Birth of the Bungalow at Mastick Park in Alameda
Birth of the Bungalow in Alameda will be the topic for the Woody Walk at Mastick Park on Sunday, August 26, 2012 at 1:00 pm. Woody Minor, local historian and native Alamedan, will lead a walk through the area called Mastick Park, which was Alameda’s oldest 20th century subdivision. Woody’s walk is sponsored by the Alameda Architectural Preservation Society. Walkers will meet at West Marine Parking Lot on the corner of Buena Vista Avenue and Constitution Way in Alameda.
Woody will talk about the emergence of the bungalow and the development of Mastick Park. The area of Mastick Park was nine block from Pacific Avenue east to Constitution Way in the areas of Eighth and Ninth Street. The development, consisted of nearly 200 lots was quickly bought out by people leaving San Francisco after the 1906 quake. Mastick Park was the birthplace of the bungalow in Alameda.
Woody will take walkers by many examples of bungalows which are described by Woody as, “A Craftsman cottage, a small gabled-roofed house with a rustic appearance conveyed by natural material and a low to the ground profile with shingles, clinker brick and stone in abundance.”
Mastick Park was named for the Mastick family headed by Edwin Mastick, a San Francisco attorney and member of the board of directors of the San Francisco & Alameda Railroad. He and his family came to Alameda when the railroad began running in 1864. Mastick was a prominent and influential Alameda political figure of the 19th century. The family owned a 22 acre estate featuring a Greek Revival with Italiate motif mansion which was eventually razed after the property was subdivided.

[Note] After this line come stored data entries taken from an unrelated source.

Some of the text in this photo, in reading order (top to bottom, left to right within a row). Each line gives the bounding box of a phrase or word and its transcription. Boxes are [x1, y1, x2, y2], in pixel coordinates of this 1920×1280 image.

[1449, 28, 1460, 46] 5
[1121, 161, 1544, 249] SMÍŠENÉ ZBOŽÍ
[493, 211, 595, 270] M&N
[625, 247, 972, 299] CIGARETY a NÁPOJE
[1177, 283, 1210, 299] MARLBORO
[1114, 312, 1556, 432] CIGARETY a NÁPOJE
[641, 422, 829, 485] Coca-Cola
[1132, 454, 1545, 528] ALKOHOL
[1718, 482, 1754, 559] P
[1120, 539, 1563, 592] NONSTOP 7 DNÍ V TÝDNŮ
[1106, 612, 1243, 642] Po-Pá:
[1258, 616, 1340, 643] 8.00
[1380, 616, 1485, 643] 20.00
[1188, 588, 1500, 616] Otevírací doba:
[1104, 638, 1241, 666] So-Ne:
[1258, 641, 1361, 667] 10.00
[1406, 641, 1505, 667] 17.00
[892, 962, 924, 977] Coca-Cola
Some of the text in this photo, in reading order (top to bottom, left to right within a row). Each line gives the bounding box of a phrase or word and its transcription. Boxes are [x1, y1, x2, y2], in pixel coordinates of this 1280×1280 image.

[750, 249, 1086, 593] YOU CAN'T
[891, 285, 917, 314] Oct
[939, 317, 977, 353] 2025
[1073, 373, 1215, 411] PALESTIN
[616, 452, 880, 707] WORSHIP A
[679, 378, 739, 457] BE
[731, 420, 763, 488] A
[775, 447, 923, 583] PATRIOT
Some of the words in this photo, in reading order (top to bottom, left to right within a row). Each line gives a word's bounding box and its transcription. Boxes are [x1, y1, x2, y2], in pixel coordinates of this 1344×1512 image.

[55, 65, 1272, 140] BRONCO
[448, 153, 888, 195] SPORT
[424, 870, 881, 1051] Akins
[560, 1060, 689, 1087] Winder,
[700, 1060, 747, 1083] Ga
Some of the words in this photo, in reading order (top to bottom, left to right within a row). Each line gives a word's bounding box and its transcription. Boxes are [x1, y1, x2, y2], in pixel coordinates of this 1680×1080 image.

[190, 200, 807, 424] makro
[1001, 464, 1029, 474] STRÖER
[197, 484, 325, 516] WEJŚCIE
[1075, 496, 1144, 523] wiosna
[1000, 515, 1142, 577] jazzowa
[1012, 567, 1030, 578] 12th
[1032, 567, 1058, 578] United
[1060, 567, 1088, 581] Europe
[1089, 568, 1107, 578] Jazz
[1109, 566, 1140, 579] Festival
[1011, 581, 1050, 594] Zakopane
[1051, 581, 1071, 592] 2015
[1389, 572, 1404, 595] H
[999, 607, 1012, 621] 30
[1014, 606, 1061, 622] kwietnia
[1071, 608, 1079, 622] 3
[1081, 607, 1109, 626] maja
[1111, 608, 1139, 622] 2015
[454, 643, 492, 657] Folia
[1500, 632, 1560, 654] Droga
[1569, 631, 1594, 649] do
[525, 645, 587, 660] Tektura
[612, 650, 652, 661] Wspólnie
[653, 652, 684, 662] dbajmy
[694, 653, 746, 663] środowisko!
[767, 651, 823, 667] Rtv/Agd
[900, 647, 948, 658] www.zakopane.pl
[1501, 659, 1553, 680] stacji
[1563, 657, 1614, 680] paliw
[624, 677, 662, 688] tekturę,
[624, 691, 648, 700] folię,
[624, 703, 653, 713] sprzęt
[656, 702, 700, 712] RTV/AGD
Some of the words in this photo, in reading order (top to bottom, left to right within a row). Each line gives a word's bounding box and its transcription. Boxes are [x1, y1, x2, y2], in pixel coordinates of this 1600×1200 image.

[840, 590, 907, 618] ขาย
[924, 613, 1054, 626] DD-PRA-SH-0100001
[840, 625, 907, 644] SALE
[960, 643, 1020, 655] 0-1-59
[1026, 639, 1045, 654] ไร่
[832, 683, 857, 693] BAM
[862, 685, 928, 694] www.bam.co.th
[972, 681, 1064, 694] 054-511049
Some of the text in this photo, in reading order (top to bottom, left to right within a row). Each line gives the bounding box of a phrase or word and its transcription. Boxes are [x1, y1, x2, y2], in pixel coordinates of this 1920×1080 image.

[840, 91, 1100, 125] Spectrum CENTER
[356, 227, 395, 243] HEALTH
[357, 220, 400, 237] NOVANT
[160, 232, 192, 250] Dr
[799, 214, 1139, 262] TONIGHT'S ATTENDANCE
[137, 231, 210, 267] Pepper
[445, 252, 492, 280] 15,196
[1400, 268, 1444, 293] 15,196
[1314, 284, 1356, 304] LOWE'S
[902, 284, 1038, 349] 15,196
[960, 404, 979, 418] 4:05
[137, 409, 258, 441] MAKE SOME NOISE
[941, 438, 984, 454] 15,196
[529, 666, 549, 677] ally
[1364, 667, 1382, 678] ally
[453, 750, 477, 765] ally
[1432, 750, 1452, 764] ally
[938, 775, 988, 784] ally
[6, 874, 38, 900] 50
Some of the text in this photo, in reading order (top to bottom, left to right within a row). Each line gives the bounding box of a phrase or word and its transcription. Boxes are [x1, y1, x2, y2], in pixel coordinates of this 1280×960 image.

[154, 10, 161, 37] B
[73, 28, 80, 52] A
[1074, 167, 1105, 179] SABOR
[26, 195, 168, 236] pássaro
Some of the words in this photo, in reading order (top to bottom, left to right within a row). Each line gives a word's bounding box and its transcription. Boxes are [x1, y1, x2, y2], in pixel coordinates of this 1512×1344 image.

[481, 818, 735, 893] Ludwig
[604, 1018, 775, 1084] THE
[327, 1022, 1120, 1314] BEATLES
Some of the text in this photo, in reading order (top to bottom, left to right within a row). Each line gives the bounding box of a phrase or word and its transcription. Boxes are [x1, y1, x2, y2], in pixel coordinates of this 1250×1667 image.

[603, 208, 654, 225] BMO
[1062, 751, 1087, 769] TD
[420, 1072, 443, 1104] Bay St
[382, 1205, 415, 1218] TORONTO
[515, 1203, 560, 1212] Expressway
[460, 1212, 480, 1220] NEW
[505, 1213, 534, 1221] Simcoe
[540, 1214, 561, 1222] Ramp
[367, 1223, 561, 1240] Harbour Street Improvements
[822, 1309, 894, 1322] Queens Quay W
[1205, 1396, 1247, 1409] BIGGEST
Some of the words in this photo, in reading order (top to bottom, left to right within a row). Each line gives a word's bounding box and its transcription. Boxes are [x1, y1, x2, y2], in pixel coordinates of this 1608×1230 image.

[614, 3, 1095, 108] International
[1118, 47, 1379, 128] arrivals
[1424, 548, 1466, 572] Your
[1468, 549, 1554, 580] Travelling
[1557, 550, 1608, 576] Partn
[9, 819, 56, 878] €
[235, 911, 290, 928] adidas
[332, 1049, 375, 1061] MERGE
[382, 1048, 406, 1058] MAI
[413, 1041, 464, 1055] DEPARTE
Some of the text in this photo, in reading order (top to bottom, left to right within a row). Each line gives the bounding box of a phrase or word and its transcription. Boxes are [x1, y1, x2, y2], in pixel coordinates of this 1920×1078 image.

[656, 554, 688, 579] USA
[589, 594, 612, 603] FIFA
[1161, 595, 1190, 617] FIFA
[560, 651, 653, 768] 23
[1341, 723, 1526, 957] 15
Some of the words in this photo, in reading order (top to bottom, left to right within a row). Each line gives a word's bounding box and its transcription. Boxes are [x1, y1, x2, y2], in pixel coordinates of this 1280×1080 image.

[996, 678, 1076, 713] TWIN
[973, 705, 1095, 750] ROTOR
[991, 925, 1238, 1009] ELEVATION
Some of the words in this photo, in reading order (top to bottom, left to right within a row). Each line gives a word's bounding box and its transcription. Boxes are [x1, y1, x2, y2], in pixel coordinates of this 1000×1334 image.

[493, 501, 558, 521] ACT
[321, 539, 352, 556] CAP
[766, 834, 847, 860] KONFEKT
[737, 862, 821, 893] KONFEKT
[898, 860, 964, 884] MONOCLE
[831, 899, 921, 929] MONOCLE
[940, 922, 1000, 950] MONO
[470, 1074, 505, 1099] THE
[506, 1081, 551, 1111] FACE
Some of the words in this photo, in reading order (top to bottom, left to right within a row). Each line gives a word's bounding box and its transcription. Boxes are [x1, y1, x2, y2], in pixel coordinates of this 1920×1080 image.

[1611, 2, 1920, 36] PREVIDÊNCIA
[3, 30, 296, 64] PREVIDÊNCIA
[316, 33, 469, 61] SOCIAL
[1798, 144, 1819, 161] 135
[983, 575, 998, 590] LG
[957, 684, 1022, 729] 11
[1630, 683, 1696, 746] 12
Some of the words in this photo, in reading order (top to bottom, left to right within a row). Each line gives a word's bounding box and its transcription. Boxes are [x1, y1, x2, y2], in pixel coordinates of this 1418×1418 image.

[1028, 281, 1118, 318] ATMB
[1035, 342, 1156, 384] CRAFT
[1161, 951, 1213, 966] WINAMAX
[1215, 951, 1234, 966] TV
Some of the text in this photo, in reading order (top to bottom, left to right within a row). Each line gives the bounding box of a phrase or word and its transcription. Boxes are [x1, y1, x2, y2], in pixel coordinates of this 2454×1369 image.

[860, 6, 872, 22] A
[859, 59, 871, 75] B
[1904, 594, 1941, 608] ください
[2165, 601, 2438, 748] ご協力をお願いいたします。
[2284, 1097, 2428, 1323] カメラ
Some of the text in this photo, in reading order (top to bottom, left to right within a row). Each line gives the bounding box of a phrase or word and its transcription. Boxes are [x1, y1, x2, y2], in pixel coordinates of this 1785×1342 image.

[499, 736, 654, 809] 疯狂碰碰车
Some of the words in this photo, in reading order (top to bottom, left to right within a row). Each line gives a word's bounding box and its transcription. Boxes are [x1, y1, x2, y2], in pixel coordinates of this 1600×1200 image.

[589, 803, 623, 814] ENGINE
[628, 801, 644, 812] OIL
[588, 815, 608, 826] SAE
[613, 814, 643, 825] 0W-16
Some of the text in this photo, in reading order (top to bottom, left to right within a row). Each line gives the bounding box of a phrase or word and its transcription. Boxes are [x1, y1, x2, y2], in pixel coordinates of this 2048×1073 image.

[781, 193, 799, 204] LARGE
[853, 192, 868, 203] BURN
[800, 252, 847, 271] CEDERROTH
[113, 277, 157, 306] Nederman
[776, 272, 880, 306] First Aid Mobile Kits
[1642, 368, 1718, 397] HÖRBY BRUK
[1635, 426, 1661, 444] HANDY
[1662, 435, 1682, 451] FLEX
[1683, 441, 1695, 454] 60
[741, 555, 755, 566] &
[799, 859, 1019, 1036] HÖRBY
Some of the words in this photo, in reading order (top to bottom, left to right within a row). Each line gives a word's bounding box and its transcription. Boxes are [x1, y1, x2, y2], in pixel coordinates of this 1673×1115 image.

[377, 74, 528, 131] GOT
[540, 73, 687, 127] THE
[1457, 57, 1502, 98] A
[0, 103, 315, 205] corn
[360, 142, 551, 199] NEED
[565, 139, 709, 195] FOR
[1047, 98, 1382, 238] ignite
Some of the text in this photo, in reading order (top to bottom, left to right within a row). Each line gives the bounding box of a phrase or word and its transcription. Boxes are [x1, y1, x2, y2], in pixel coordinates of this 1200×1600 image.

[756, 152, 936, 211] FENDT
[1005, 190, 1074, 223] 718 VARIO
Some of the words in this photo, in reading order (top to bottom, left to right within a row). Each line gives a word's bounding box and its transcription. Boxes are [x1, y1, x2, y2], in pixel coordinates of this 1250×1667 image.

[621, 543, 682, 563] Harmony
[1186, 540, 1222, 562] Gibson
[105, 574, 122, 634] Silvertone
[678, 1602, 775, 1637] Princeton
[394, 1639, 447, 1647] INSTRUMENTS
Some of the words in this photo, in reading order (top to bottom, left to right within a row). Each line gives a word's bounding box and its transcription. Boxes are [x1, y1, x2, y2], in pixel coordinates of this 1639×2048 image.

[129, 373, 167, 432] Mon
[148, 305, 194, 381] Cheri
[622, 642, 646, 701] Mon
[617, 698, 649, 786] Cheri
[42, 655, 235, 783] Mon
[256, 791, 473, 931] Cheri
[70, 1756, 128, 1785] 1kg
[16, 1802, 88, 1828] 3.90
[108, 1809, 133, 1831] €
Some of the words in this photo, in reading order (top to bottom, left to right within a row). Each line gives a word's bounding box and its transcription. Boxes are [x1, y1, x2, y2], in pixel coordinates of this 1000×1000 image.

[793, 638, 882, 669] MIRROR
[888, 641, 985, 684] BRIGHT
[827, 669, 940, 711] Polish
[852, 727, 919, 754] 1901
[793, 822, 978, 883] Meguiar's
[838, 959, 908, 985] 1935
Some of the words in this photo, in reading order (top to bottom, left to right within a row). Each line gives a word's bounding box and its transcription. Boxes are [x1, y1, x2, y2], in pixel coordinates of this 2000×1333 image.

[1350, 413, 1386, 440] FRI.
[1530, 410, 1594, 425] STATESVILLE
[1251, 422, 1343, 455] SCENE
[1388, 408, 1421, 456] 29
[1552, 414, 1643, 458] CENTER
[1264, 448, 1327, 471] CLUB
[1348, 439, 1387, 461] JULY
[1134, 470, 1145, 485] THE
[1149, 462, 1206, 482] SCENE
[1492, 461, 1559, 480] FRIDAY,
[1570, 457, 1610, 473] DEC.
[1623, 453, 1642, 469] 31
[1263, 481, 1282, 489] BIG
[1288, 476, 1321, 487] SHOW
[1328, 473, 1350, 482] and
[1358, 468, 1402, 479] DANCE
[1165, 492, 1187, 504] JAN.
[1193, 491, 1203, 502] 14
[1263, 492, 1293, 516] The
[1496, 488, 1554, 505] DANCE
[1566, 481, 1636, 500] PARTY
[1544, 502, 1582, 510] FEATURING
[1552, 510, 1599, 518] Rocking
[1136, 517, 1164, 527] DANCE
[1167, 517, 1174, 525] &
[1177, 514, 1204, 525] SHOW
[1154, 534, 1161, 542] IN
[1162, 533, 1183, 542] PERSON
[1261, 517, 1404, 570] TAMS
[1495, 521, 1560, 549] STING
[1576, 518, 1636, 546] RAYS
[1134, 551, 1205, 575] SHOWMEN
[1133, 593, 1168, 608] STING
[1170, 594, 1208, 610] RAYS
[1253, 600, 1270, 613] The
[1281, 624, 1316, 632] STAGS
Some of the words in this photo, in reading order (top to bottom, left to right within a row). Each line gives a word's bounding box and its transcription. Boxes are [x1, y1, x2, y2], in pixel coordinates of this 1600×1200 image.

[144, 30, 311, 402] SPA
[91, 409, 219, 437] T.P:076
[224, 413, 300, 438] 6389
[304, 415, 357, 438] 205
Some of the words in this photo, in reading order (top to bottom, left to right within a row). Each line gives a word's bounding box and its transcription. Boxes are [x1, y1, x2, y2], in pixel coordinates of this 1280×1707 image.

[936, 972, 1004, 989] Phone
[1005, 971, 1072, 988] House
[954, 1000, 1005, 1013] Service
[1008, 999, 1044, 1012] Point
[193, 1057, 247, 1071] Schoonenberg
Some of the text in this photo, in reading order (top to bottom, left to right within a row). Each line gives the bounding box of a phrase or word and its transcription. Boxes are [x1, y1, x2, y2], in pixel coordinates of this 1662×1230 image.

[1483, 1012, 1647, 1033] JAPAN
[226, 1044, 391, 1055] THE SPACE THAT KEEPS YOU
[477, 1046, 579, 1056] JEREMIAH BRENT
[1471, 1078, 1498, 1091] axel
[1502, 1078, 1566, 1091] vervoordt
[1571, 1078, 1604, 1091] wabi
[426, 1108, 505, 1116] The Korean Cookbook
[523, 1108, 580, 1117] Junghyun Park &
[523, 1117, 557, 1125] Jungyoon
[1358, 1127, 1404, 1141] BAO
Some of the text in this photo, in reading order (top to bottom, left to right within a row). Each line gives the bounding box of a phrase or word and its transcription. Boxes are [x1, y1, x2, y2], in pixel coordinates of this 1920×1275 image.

Woody Minor is a native Alamedan who received his degree in history from UC Berkeley and a master’s degree in urban planning from the University of Oregon. He has worked for the Alameda Planning Department and prepared and conducted the citywide architectural survey. He is an architectural historian as well as a writer specializing in history. He is the author of several books about Alameda history and architecture including “Park Avenue, Bay Station and Burbank Heritage Areas,” “At Home in Alameda,” “Taking Care of Business,” “Alameda at Play,” and “On the Bay, A Centennial History of the Encinal Yacht Club.” Most of his books can be purchased at the Alameda Museum, 2324 Alameda Avenue in Alameda.